------ DATASET EXTRACT
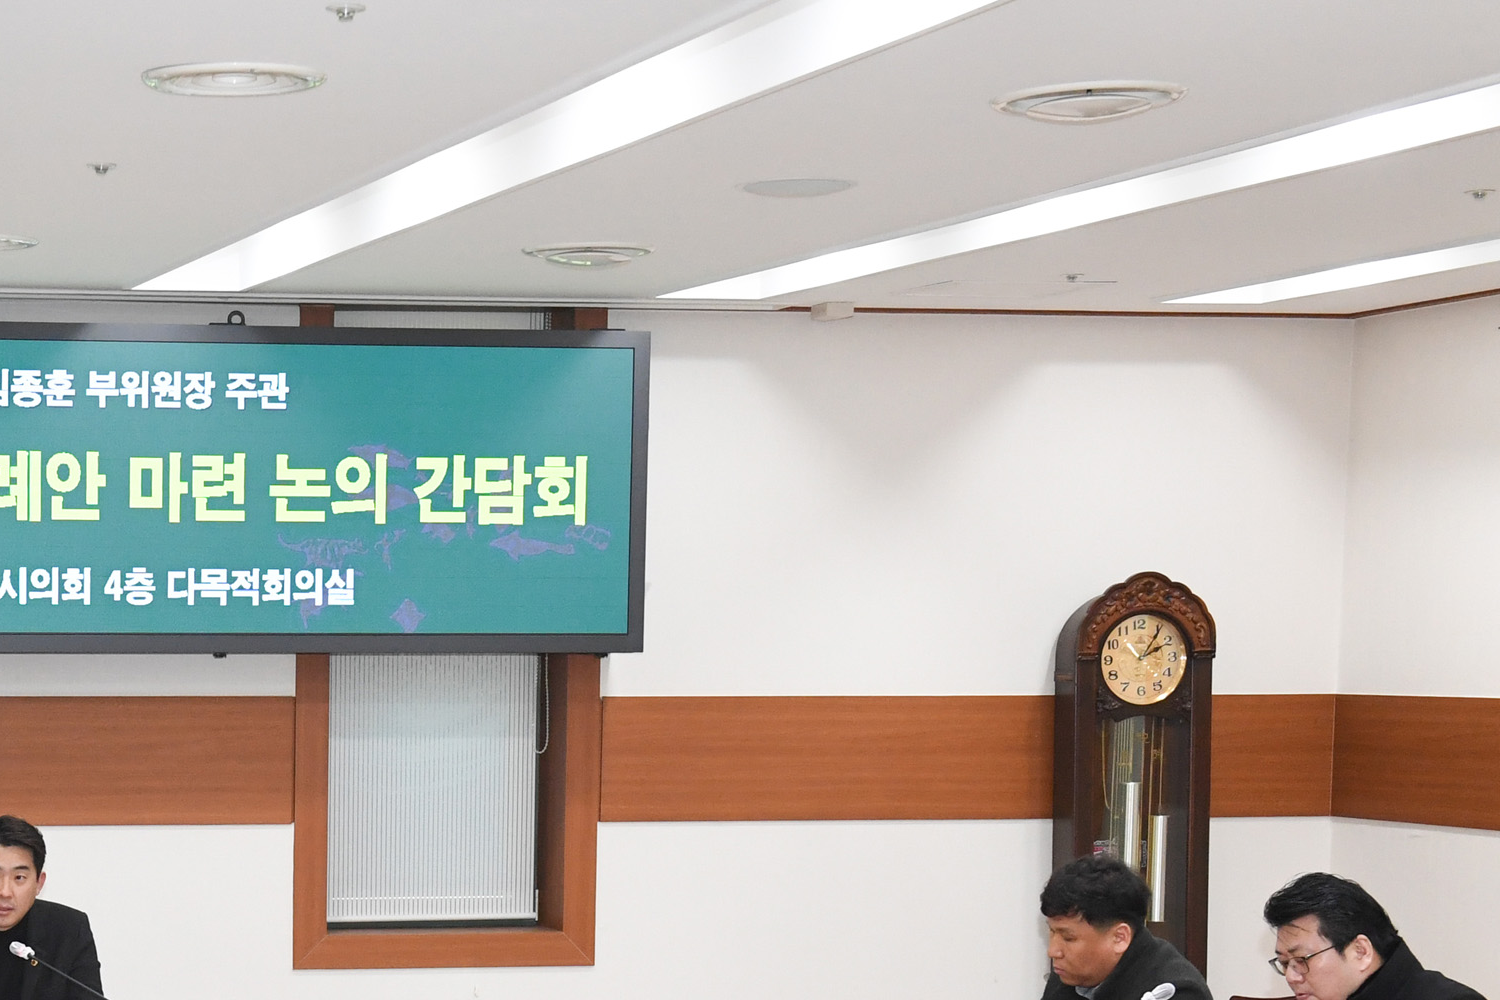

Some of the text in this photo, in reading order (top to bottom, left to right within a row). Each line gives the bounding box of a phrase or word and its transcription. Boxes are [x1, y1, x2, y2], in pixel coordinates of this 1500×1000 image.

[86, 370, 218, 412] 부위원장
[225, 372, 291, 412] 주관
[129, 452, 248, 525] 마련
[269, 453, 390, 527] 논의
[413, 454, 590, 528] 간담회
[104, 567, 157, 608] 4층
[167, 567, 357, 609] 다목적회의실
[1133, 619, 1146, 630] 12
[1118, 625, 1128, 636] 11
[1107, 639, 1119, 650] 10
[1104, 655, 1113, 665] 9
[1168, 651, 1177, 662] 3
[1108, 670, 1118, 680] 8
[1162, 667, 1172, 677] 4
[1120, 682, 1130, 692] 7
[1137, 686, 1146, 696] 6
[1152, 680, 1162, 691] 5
------------
[YOUR GOAL]:
The response should repeat each record precisely and contain no pictures.

[TASK RESULT]:
Some of the text in this photo, in reading order (top to bottom, left to right within a row). Each line gives the bounding box of a phrase or word and its transcription. Boxes are [x1, y1, x2, y2], in pixel coordinates of this 1500×1000 image.

[86, 370, 218, 412] 부위원장
[225, 372, 291, 412] 주관
[129, 452, 248, 525] 마련
[269, 453, 390, 527] 논의
[413, 454, 590, 528] 간담회
[104, 567, 157, 608] 4층
[167, 567, 357, 609] 다목적회의실
[1133, 619, 1146, 630] 12
[1118, 625, 1128, 636] 11
[1107, 639, 1119, 650] 10
[1104, 655, 1113, 665] 9
[1168, 651, 1177, 662] 3
[1108, 670, 1118, 680] 8
[1162, 667, 1172, 677] 4
[1120, 682, 1130, 692] 7
[1137, 686, 1146, 696] 6
[1152, 680, 1162, 691] 5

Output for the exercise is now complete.